As we grow up we automatically begin solving problems. Hunger, sleep and shelter being the first that we encounter. I was very fortunate and had a loving family that provided all the things necessary to solve these problems. When we were first born these problems controlled our world. What changed in my life once I solved these? Nothing. The minute I felt comfortable with my solutions for these problems my mind instantly spun. Like pulling the lever of a penny slot. With the pull of the leaver my brain spun and landed on new problems. Being young and having little, my brain struggled to come up with any real problems. Desire to have friends and fun was all it could muster. These problems are not nearly as important to my survival but when I look back I think just as many tears were shed over these social needs as my hunger.

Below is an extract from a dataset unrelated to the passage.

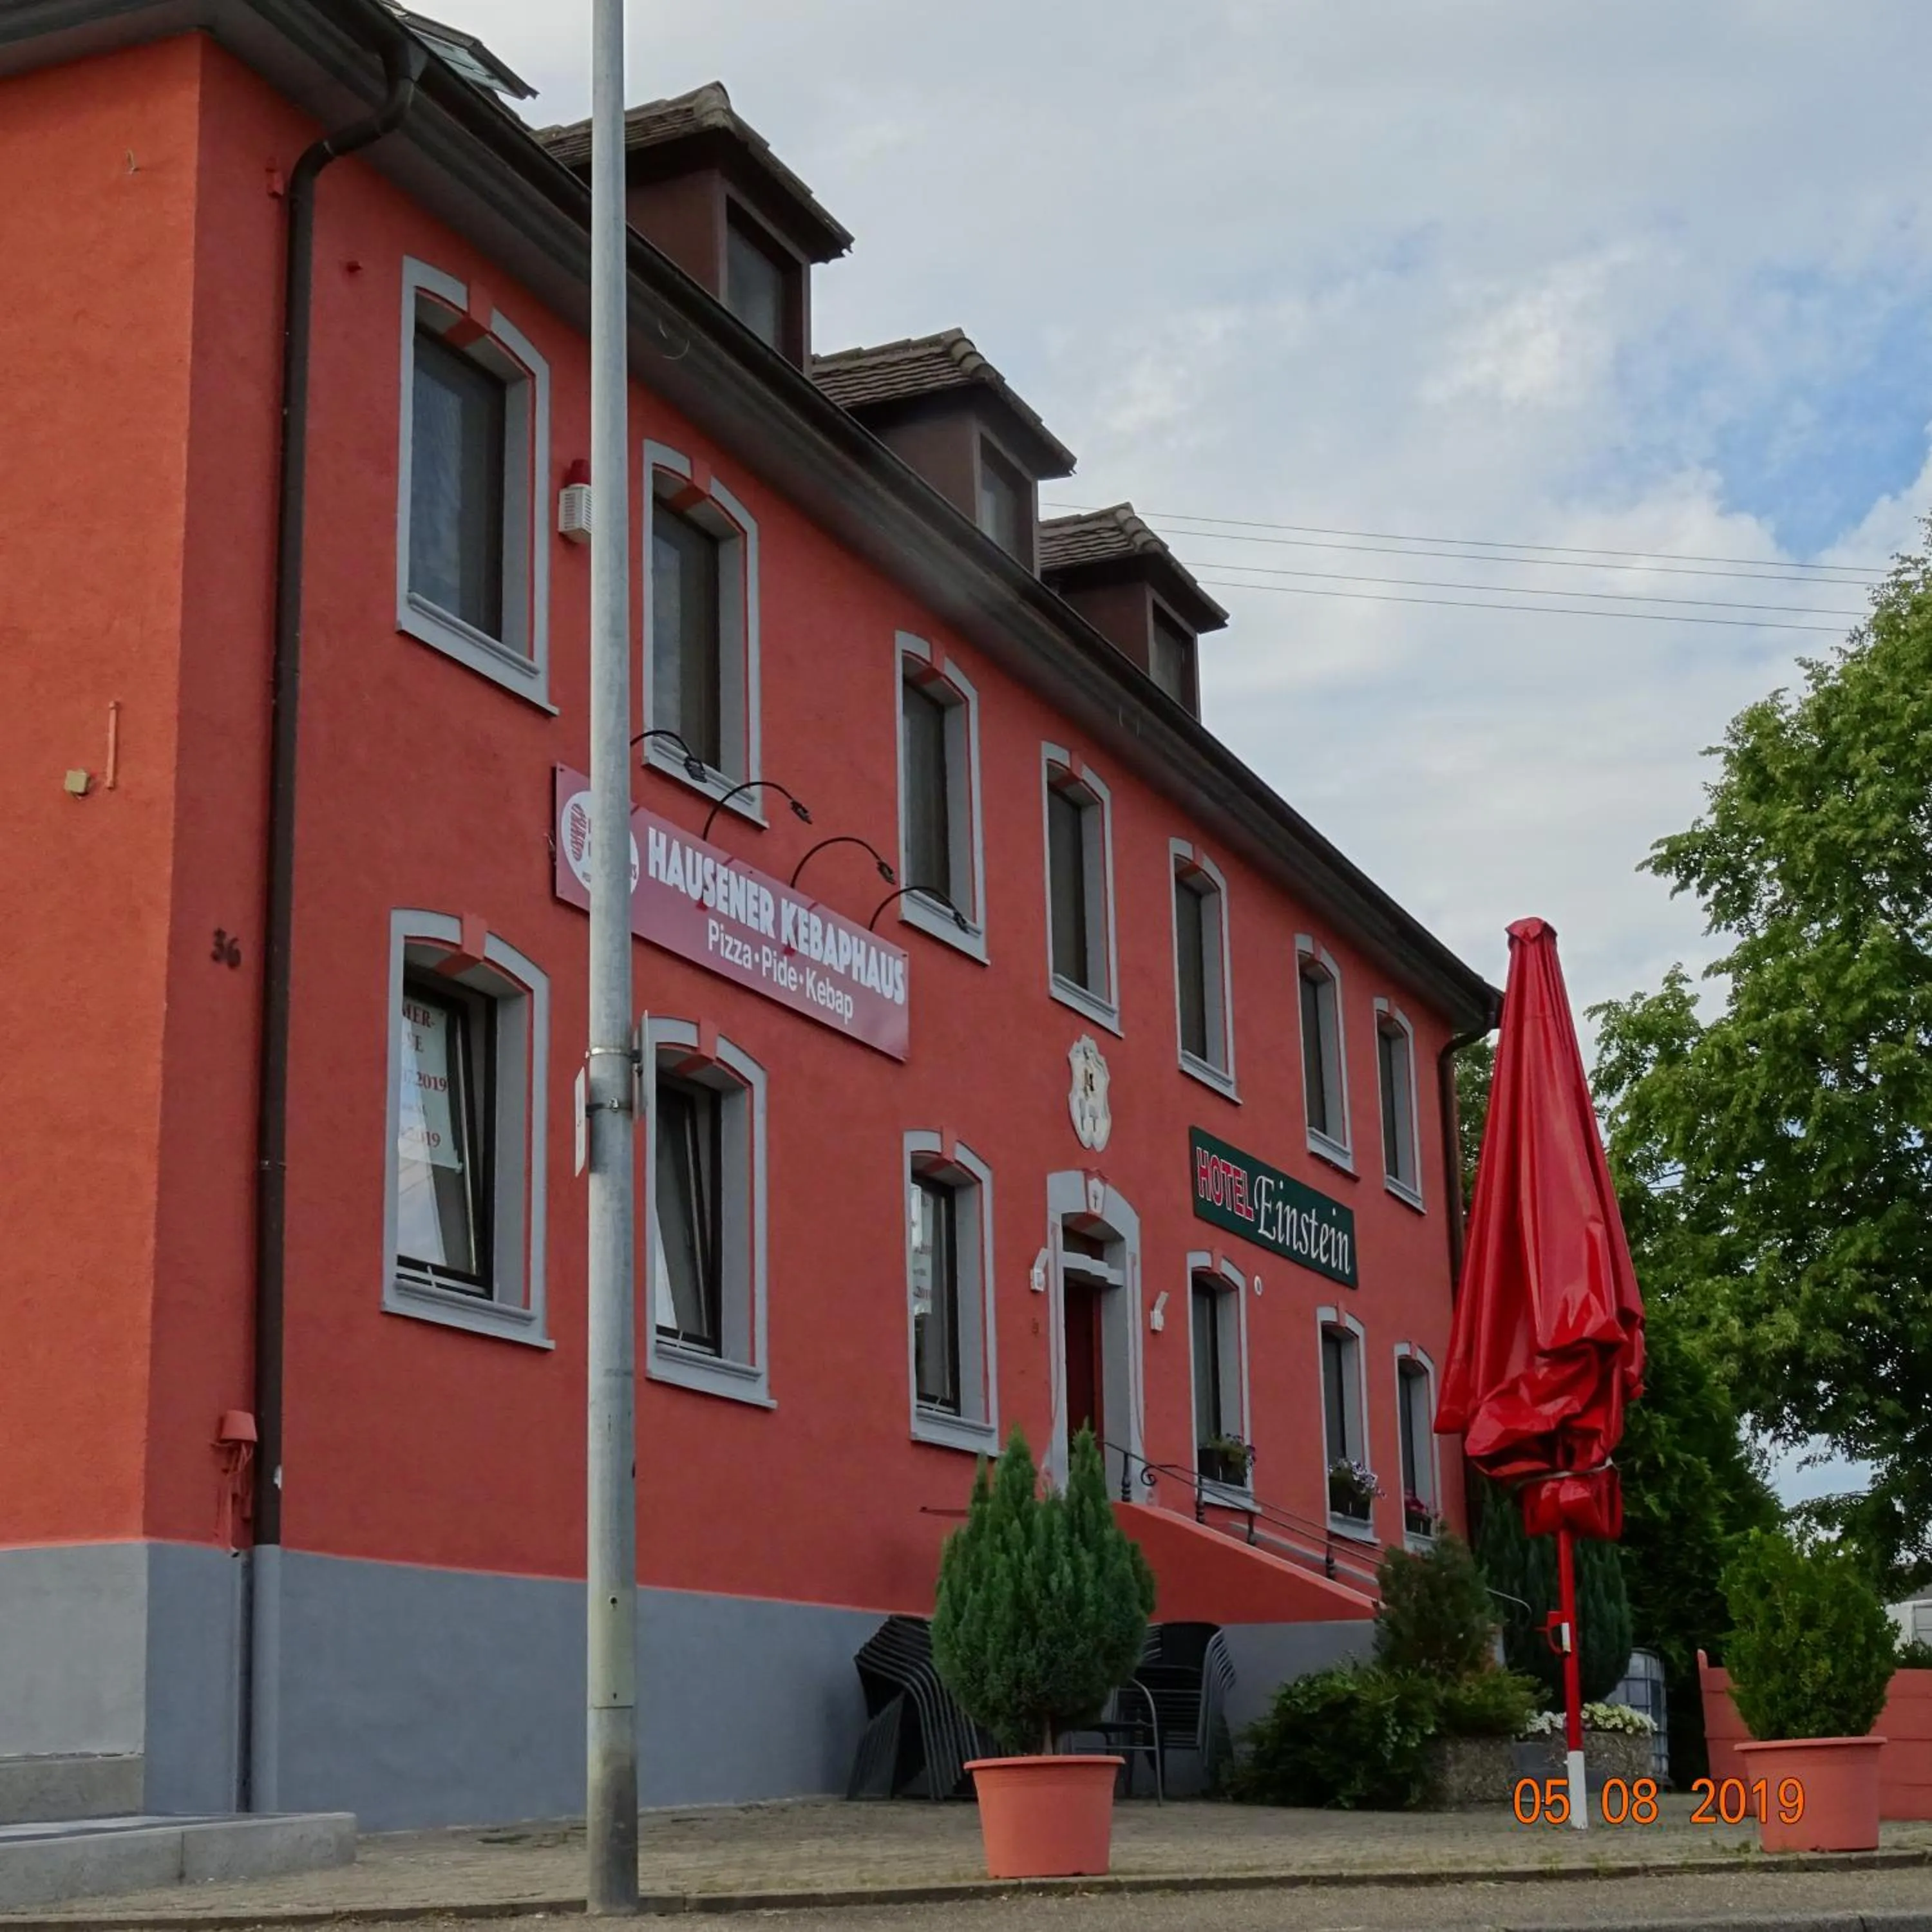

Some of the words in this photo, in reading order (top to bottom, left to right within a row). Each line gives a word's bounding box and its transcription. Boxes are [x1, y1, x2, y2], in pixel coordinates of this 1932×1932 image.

With the idea of the penny slot spinning in my mind, I began to look out into the world. Center stage I see the media and religion battling it out. Relentlessly refusing to give any ground or see the others perspective. I begin to think that maybe I am the only one with this slot machine in my head. Am I too focused on myself? Maybe, or is it the fact that these people have pulled the lever so many times and kept getting more and more comfortable that the only problems their coin slot could manage to pull up, is the problems of other people. Things like, who another person loves, the color of another persons skin or even what another person worships or does not worship. As I watch this battle ensue a few questions come to my head. As our lives become more comfortable do our brains have some unknown desire to find something to call a problem? Is this why "Millennials" have become the generation of anxiety and depression? Have our lives become so comfortable that the only problems our brains could find were ones it created inside of itself?

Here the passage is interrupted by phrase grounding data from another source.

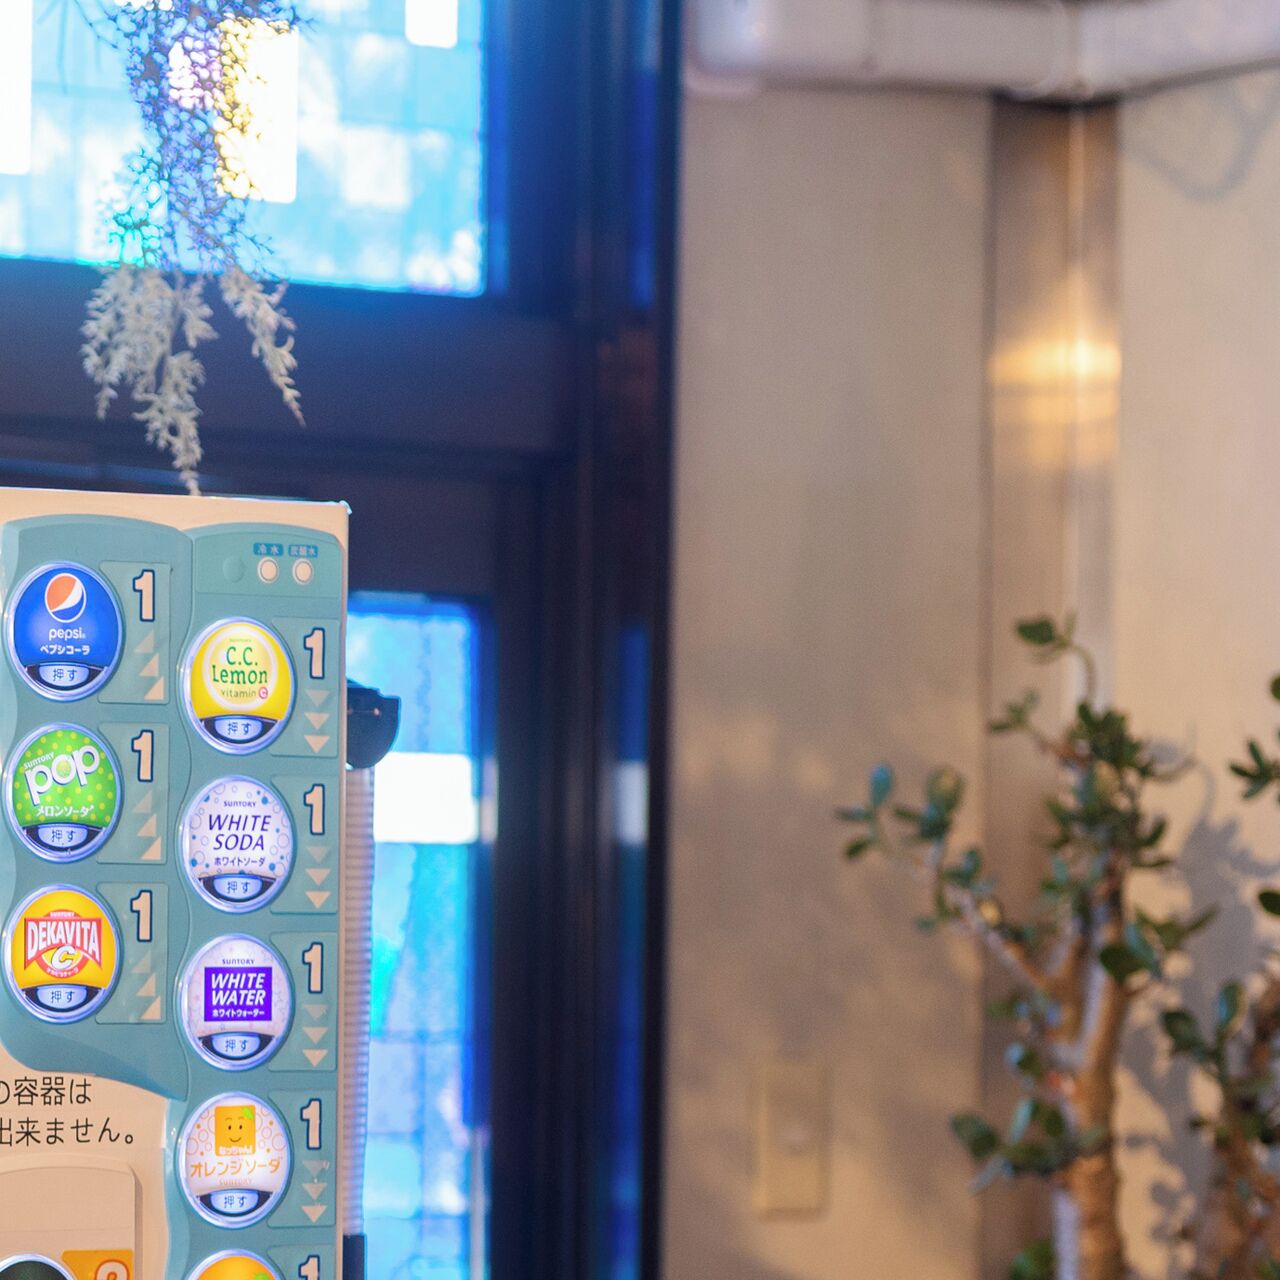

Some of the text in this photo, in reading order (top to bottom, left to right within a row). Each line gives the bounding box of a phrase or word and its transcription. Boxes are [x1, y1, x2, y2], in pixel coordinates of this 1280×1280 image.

[133, 569, 155, 622] 1
[48, 626, 82, 640] pepsi
[40, 644, 90, 656] ペプシコーラ
[226, 646, 258, 666] C.C.
[303, 628, 326, 680] 1
[53, 668, 78, 681] 押す
[212, 664, 268, 684] Lemon
[221, 688, 256, 698] vitamin
[228, 722, 252, 735] 押す
[132, 730, 154, 782] 1
[25, 745, 100, 806] pop
[36, 804, 94, 816] メロンソーダ
[303, 784, 326, 835] 1
[209, 814, 272, 832] WHITE
[52, 830, 76, 842] 押す
[213, 834, 264, 850] SODA
[214, 857, 266, 866] ホワイトソーダ
[227, 881, 250, 894] 押す
[130, 890, 152, 942] 1
[27, 921, 100, 962] DEKAVITA
[51, 944, 76, 970] C
[302, 942, 325, 994] 1
[212, 973, 266, 989] WHITE
[51, 990, 75, 1003] 押す
[212, 990, 266, 1006] WATER
[226, 1040, 248, 1052] 押す
[300, 1098, 322, 1150] 1
[190, 1157, 281, 1178] オレンジソーダ
[224, 1196, 247, 1208] 押す

I can only speak from my perspective. I believe the more simple a life the happier you can be. Obviously I love my life in America. We are given so many ways to learn and grow but, does having so much give American's a mass quantity of problems as well? It may be a case of "grass is greener on the other side", but doesn't going back in time to a life where your only problems were eating, sleeping and having shelter sound kind of nice? Yes living that simply in our current world would be extremely difficult, but if it could stop your coin slot by sacrificing some comforts for a few less but more complex problems would you? I think I would. Everyone that I have spoken with about visiting a third world country have said something very similar. They tell me stories of genuine, happy and loving people. I don't want to come across naive and pretend that they chose their circumstances. For a lot of people it was what they were born into. That being said; I do think there is a lot we could learn from striping life down to the necessitates. If we lived this way would it make our world a little less hostile and competitive? I don't plan on selling my apartment and moving to the wilderness but there must be a middle ground right? If we try to simplify our lives, I think we would be surprised how frequent the slot machine would jam.